ABOUT THIS TASK
Repeat the data below with no changes.

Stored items

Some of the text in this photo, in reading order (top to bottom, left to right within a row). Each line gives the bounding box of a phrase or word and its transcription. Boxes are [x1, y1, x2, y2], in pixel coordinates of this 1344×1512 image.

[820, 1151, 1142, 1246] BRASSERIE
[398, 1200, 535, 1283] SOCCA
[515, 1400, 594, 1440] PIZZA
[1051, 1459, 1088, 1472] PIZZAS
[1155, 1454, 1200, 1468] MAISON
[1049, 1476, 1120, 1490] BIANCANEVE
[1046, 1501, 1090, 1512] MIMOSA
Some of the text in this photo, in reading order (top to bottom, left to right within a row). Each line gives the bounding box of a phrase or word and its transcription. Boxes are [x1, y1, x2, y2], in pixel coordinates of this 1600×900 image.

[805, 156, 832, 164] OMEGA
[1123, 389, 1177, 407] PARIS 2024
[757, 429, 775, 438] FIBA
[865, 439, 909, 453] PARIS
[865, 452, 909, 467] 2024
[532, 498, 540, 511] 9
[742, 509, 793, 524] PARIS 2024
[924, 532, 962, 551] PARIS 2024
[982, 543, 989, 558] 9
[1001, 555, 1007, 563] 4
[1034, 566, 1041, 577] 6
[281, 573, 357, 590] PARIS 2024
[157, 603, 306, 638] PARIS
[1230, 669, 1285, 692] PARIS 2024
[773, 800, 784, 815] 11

TASK ANSWER
Some of the text in this photo, in reading order (top to bottom, left to right within a row). Each line gives the bounding box of a phrase or word and its transcription. Boxes are [x1, y1, x2, y2], in pixel coordinates of this 1344×1512 image.

[820, 1151, 1142, 1246] BRASSERIE
[398, 1200, 535, 1283] SOCCA
[515, 1400, 594, 1440] PIZZA
[1051, 1459, 1088, 1472] PIZZAS
[1155, 1454, 1200, 1468] MAISON
[1049, 1476, 1120, 1490] BIANCANEVE
[1046, 1501, 1090, 1512] MIMOSA
Some of the text in this photo, in reading order (top to bottom, left to right within a row). Each line gives the bounding box of a phrase or word and its transcription. Boxes are [x1, y1, x2, y2], in pixel coordinates of this 1600×900 image.

[805, 156, 832, 164] OMEGA
[1123, 389, 1177, 407] PARIS 2024
[757, 429, 775, 438] FIBA
[865, 439, 909, 453] PARIS
[865, 452, 909, 467] 2024
[532, 498, 540, 511] 9
[742, 509, 793, 524] PARIS 2024
[924, 532, 962, 551] PARIS 2024
[982, 543, 989, 558] 9
[1001, 555, 1007, 563] 4
[1034, 566, 1041, 577] 6
[281, 573, 357, 590] PARIS 2024
[157, 603, 306, 638] PARIS
[1230, 669, 1285, 692] PARIS 2024
[773, 800, 784, 815] 11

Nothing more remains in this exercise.